Sure. Yeah, this is Todd. I'll take the last one first. So at this point, we haven't seen any impact to Lybalvi with Cobenfy. In Q4, we saw TRx growth of 5% overall, which is very consistent with Q3, and we expect strong demand growth throughout 2025. I think it's just really important to remember with Lybalvi, it's a broad indication. So bipolar I disorder and schizophrenia versus Cobenfy just in schizophrenia. And in 2024, we saw robust volume growth with both of those indications. In fact, we saw approximately 28% volume growth in the bipolar disorder indication.

So it's a broad indication, broad population, and we feel really confident with our plan for 2025, which is really underpinned with the expansion of the sales force. In terms of the potential olanzapine LAI, that's obviously something we always watch competitive dynamics. We have a really strong capability with the olanzapine molecule. It's something that we know really well.

I think really the way that I would think about this is historically, and it hasn't changed, the rate-limiting factor regardless of delivery for the olanzapine molecule is really around weight gain and also around metabolics. That's the whole reason why we developed Lybalvi. Lybalvi, we believe, will continue to show strong growth even in the face of any additional competition.

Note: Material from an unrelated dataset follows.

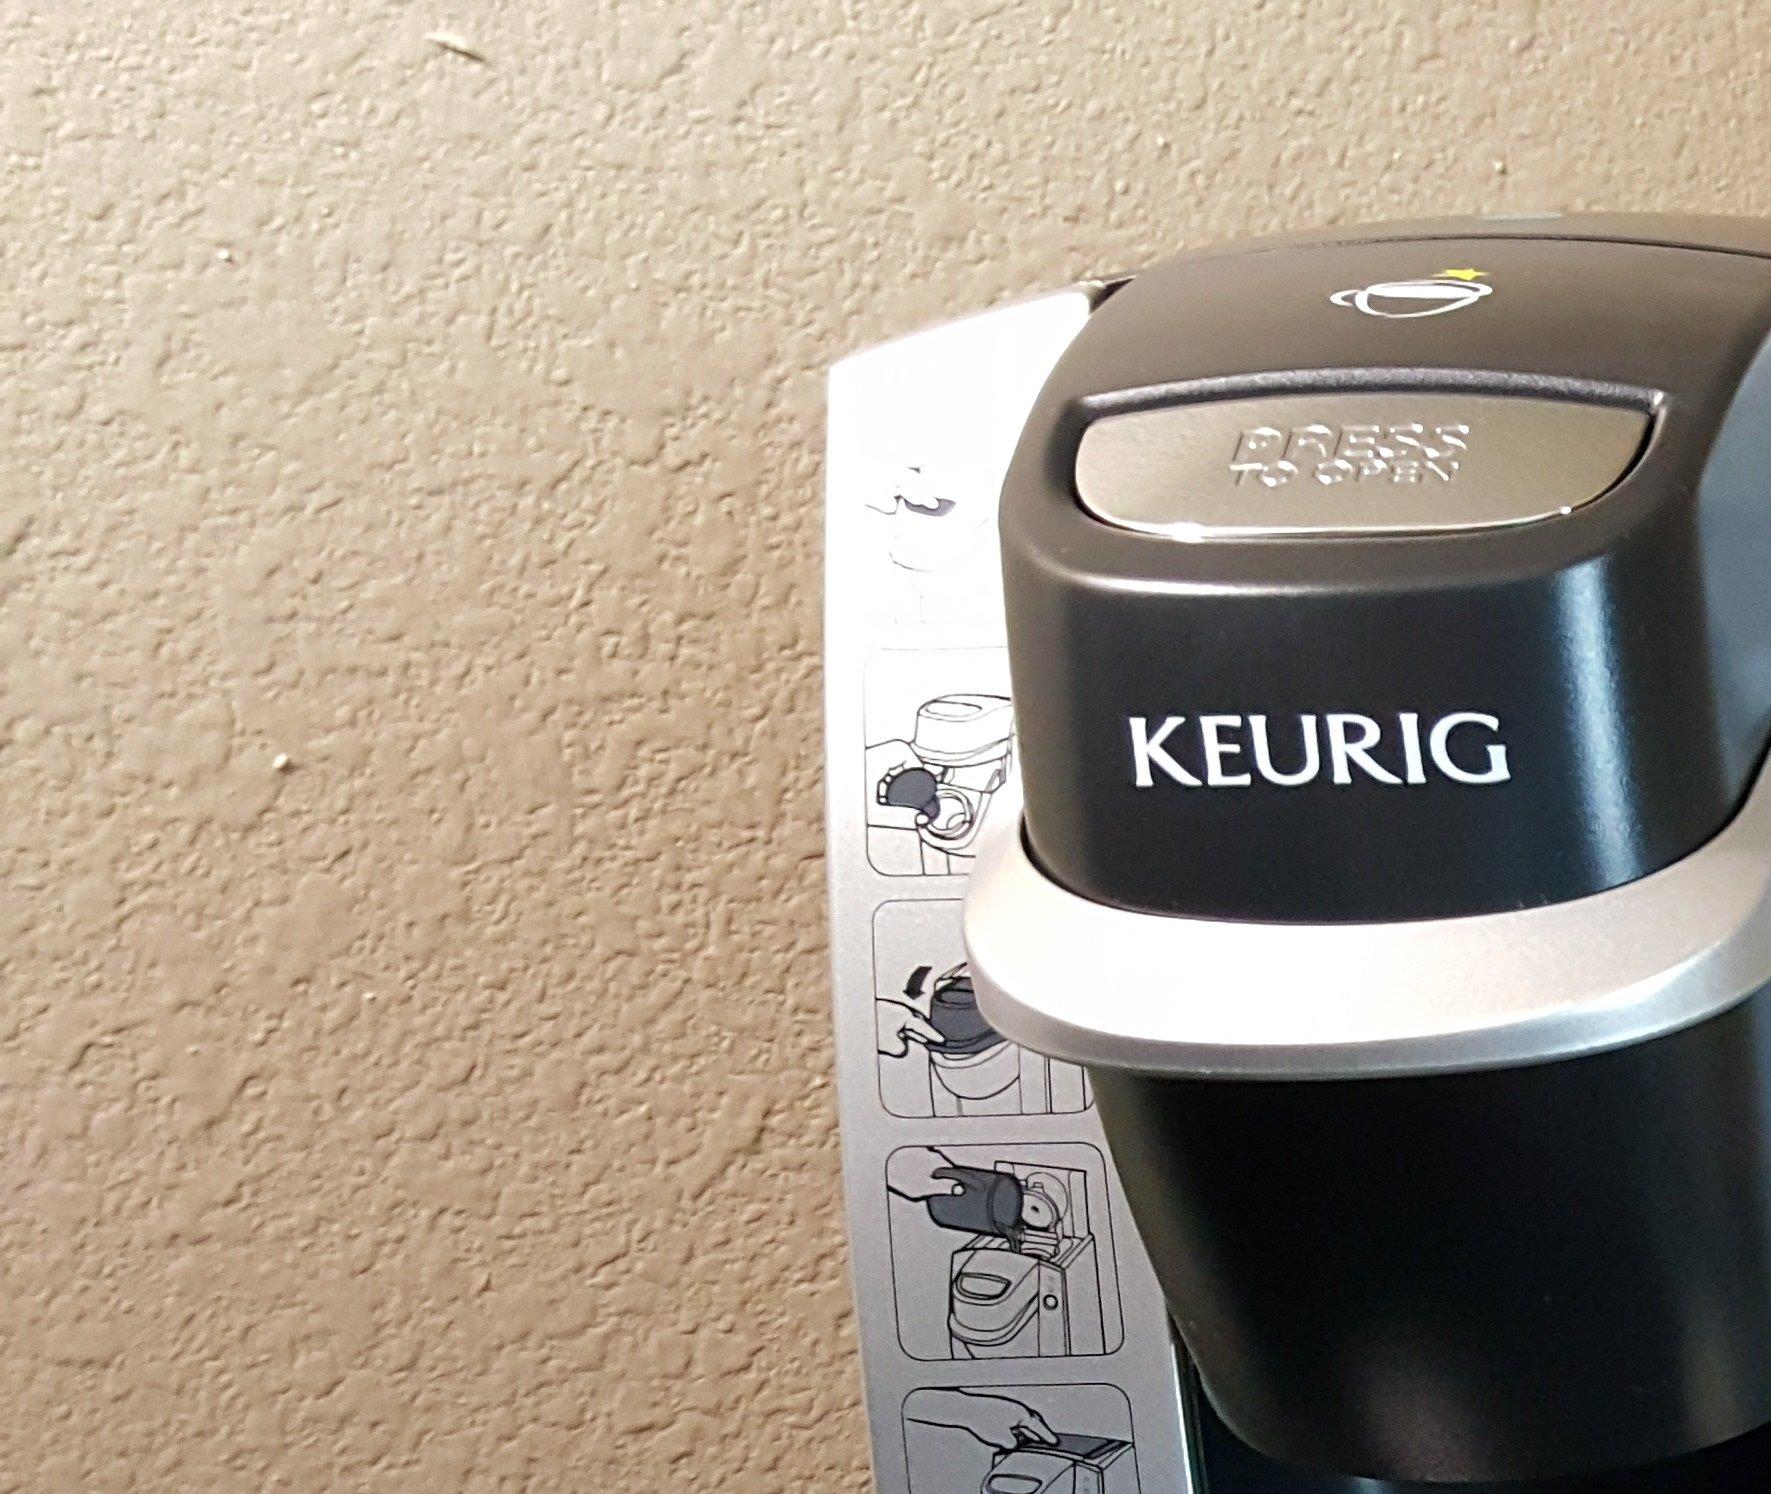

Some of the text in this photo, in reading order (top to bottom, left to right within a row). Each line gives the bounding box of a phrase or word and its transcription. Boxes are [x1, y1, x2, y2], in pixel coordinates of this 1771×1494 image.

[1232, 423, 1471, 461] PRESS
[1229, 457, 1460, 487] TO OPEN
[1128, 711, 1511, 787] KEURIG

Richard Pops (Chairman and CEO)

The only thing I'd add to that, Todd, is typically an LAI doesn't affect the oral side of the market. The LAI is its own sort of rarefied aspect of that. We wish it were a bigger part of the treatment algorithm, but it's relatively small. The Lybalvi obviously operates in that oral category, which is the vast majority of prescriptions.

Sandra Coombs (SVP of Corporate Affairs and Investor Relations)

All right. Thanks, everyone. Thanks for joining us on the call this morning. If there are any follow-up questions, please don't hesitate to reach out to us at the company.

Operator (participant)

Thank you. This concludes today's conference call. You may disconnect your lines at this time. Thank you for your participation.